═══ SOURCE DATA ═══
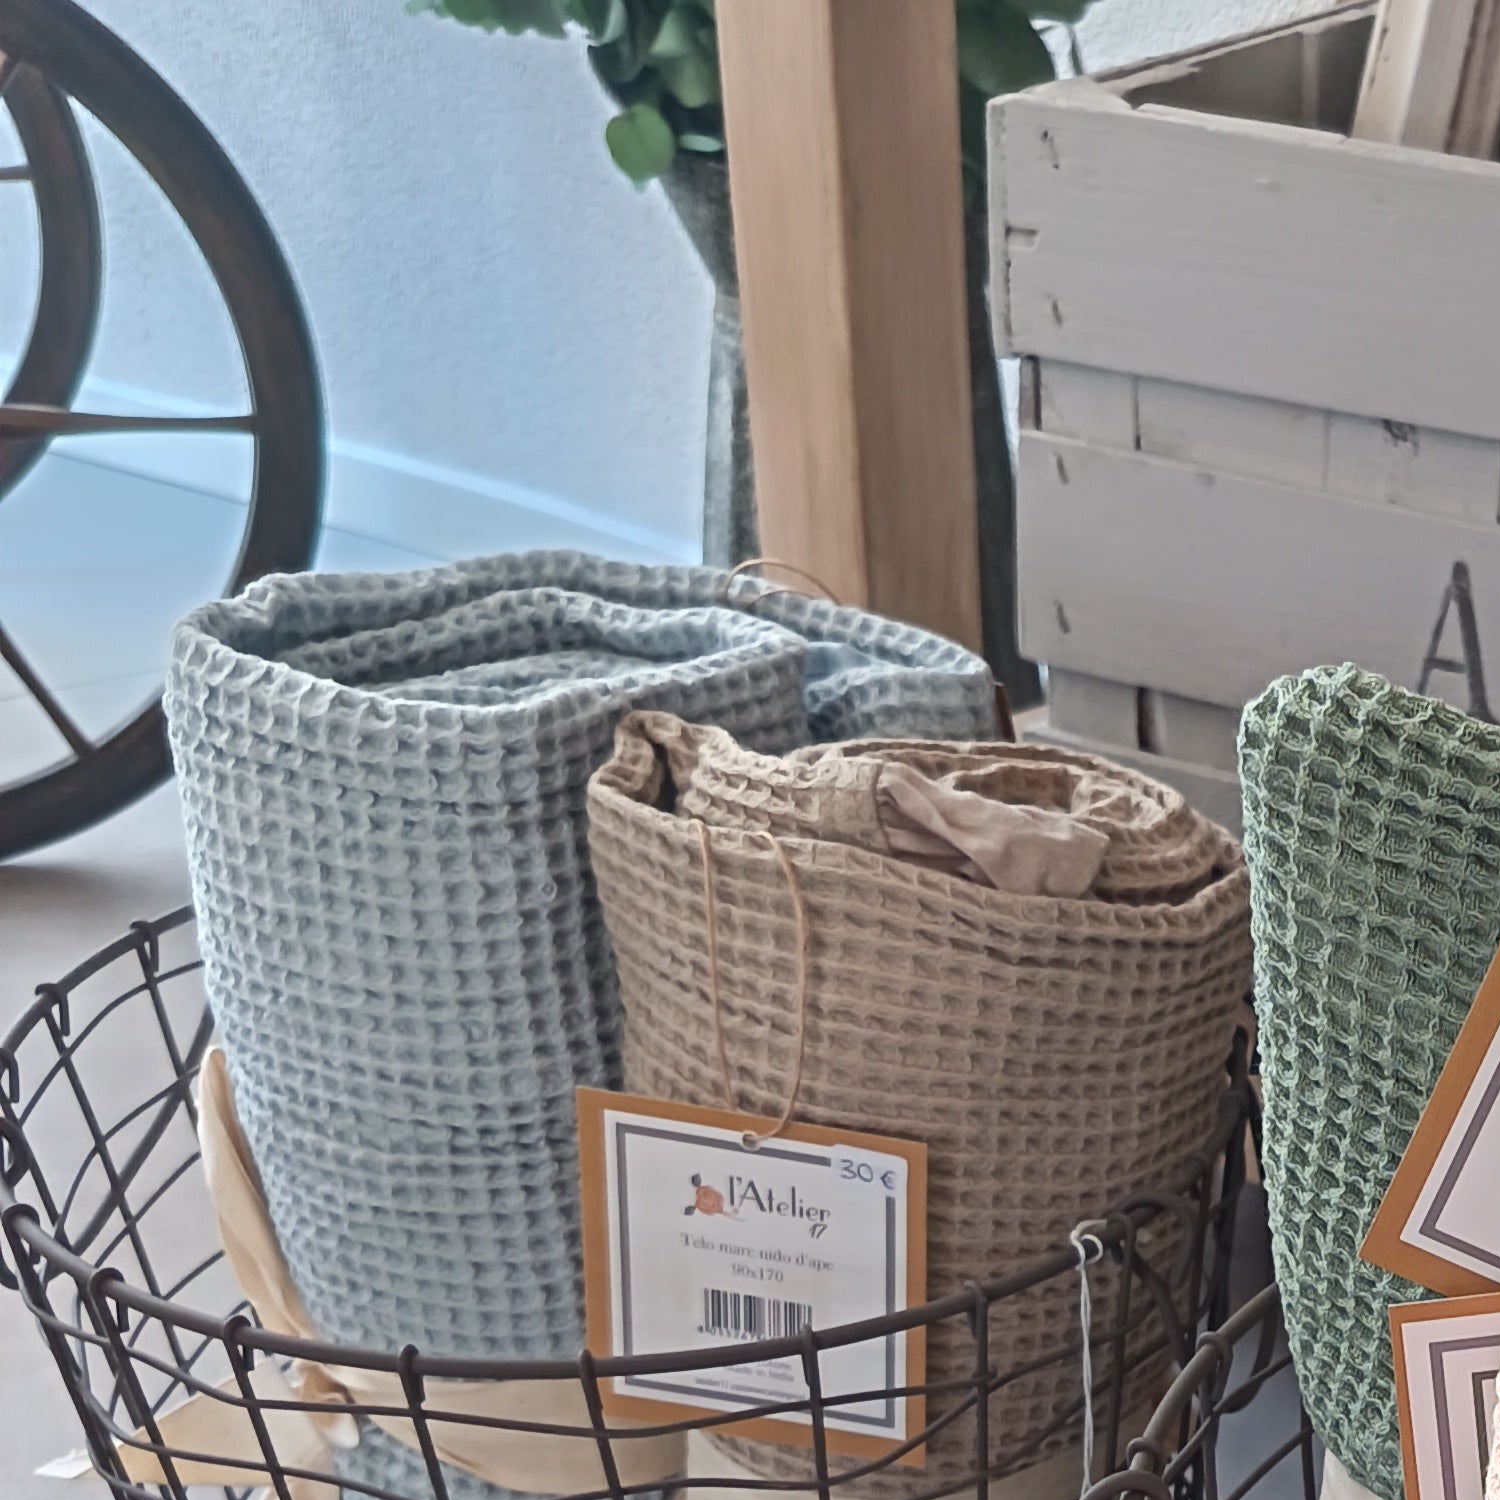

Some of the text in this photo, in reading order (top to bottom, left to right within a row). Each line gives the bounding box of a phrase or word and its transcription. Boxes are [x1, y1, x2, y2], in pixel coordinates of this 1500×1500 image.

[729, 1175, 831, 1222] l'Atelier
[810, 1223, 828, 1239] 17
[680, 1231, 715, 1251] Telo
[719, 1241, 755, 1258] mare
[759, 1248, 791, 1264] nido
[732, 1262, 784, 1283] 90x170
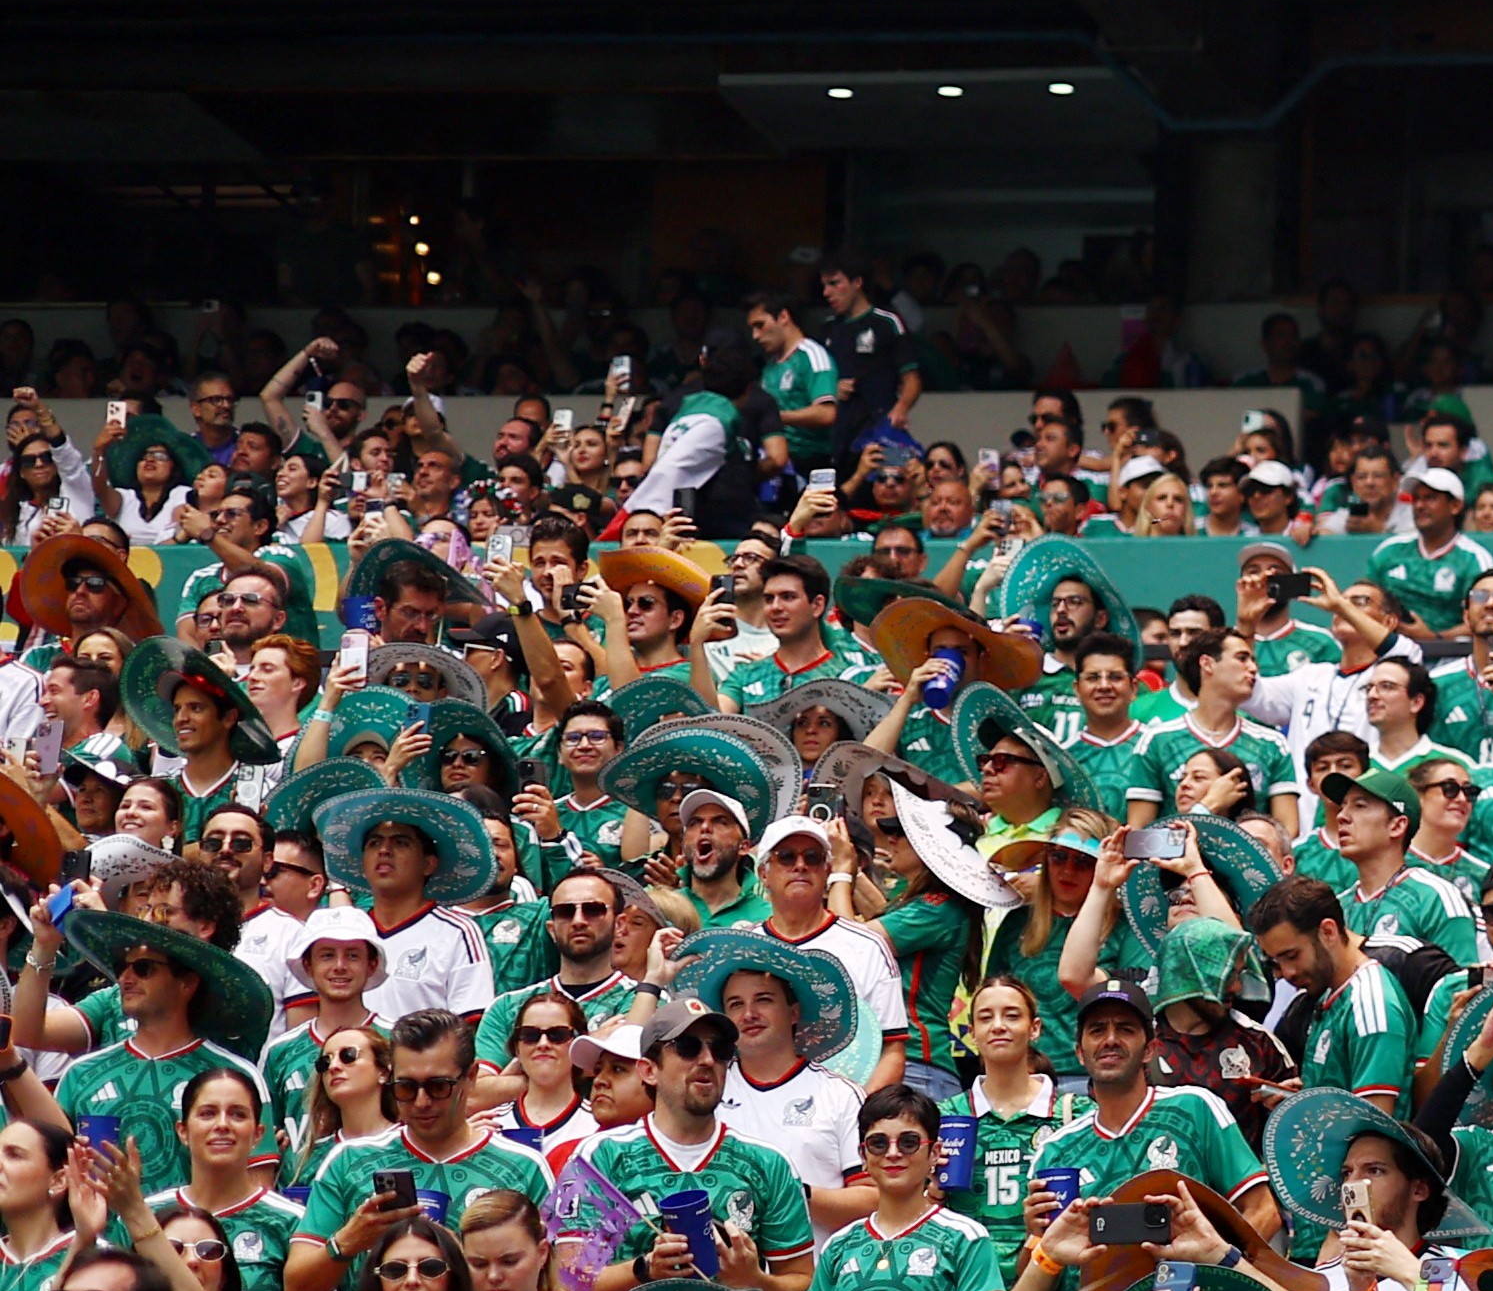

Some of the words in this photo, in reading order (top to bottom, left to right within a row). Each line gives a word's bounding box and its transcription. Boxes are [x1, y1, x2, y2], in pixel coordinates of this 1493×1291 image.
═══
**TASK BRIEF:**
Word for word, repeat the lines of data above, omitting every picture.

**RESULT FOR THIS TASK:**
Some of the text in this photo, in reading order (top to bottom, left to right within a row). Each line gives the bounding box of a phrase or word and its transcription. Boxes are [x1, y1, x2, y2], in pixel coordinates of this 1500×1500 image.

[729, 1175, 831, 1222] l'Atelier
[810, 1223, 828, 1239] 17
[680, 1231, 715, 1251] Telo
[719, 1241, 755, 1258] mare
[759, 1248, 791, 1264] nido
[732, 1262, 784, 1283] 90x170

Some of the words in this photo, in reading order (top to bottom, left to right within a row). Each line gives a word's bounding box and its transcription. Boxes are [x1, y1, x2, y2], in pixel coordinates of this 1493×1291 image.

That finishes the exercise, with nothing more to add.